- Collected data
□ □ □

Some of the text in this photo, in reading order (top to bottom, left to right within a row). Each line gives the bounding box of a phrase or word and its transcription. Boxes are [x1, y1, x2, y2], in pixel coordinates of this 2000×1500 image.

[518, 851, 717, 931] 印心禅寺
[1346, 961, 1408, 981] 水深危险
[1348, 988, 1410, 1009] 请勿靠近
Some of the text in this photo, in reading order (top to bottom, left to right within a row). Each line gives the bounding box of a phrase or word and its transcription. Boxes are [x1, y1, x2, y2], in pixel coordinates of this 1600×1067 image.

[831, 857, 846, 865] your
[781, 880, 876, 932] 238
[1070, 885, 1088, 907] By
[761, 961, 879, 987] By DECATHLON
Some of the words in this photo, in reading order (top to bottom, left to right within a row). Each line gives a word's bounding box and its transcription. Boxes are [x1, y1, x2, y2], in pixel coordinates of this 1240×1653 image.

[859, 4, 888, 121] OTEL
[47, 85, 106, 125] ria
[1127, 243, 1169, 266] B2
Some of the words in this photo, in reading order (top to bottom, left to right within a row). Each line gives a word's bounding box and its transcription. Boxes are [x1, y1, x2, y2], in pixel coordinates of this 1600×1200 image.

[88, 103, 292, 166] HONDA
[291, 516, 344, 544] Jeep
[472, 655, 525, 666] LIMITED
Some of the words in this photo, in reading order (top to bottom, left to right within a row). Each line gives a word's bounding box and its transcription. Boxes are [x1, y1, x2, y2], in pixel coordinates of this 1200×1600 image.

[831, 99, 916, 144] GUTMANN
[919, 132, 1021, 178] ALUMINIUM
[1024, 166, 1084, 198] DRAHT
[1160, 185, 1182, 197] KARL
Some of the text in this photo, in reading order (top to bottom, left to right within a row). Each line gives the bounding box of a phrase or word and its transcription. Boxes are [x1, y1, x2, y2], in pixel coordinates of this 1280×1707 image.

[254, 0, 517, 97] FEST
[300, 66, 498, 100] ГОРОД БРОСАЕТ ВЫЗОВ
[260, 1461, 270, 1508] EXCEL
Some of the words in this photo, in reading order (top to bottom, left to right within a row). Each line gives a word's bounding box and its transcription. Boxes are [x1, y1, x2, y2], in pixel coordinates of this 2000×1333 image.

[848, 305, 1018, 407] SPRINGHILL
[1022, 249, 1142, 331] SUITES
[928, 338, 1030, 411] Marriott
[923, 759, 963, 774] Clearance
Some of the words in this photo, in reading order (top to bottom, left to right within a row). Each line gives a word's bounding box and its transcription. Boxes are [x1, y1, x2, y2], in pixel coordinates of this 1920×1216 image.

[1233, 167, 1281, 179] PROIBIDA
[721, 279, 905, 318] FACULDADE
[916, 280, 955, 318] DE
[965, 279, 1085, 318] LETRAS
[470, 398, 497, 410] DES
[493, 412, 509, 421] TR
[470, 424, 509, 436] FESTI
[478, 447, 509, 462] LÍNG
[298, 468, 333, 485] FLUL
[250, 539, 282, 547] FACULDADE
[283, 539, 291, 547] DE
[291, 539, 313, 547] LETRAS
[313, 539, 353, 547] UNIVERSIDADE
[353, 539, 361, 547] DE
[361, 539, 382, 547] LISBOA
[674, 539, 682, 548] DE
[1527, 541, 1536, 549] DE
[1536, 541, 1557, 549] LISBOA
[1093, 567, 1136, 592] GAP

□ □ □

- EXERCISE
A word-for-word restatement of the records above from the line containing "this 1600×1200 image." to their final line is all the answer should hold.

- EXERCISE SOLUTION
Some of the words in this photo, in reading order (top to bottom, left to right within a row). Each line gives a word's bounding box and its transcription. Boxes are [x1, y1, x2, y2], in pixel coordinates of this 1600×1200 image.

[88, 103, 292, 166] HONDA
[291, 516, 344, 544] Jeep
[472, 655, 525, 666] LIMITED
Some of the words in this photo, in reading order (top to bottom, left to right within a row). Each line gives a word's bounding box and its transcription. Boxes are [x1, y1, x2, y2], in pixel coordinates of this 1200×1600 image.

[831, 99, 916, 144] GUTMANN
[919, 132, 1021, 178] ALUMINIUM
[1024, 166, 1084, 198] DRAHT
[1160, 185, 1182, 197] KARL
Some of the text in this photo, in reading order (top to bottom, left to right within a row). Each line gives the bounding box of a phrase or word and its transcription. Boxes are [x1, y1, x2, y2], in pixel coordinates of this 1280×1707 image.

[254, 0, 517, 97] FEST
[300, 66, 498, 100] ГОРОД БРОСАЕТ ВЫЗОВ
[260, 1461, 270, 1508] EXCEL
Some of the words in this photo, in reading order (top to bottom, left to right within a row). Each line gives a word's bounding box and its transcription. Boxes are [x1, y1, x2, y2], in pixel coordinates of this 2000×1333 image.

[848, 305, 1018, 407] SPRINGHILL
[1022, 249, 1142, 331] SUITES
[928, 338, 1030, 411] Marriott
[923, 759, 963, 774] Clearance
Some of the words in this photo, in reading order (top to bottom, left to right within a row). Each line gives a word's bounding box and its transcription. Boxes are [x1, y1, x2, y2], in pixel coordinates of this 1920×1216 image.

[1233, 167, 1281, 179] PROIBIDA
[721, 279, 905, 318] FACULDADE
[916, 280, 955, 318] DE
[965, 279, 1085, 318] LETRAS
[470, 398, 497, 410] DES
[493, 412, 509, 421] TR
[470, 424, 509, 436] FESTI
[478, 447, 509, 462] LÍNG
[298, 468, 333, 485] FLUL
[250, 539, 282, 547] FACULDADE
[283, 539, 291, 547] DE
[291, 539, 313, 547] LETRAS
[313, 539, 353, 547] UNIVERSIDADE
[353, 539, 361, 547] DE
[361, 539, 382, 547] LISBOA
[674, 539, 682, 548] DE
[1527, 541, 1536, 549] DE
[1536, 541, 1557, 549] LISBOA
[1093, 567, 1136, 592] GAP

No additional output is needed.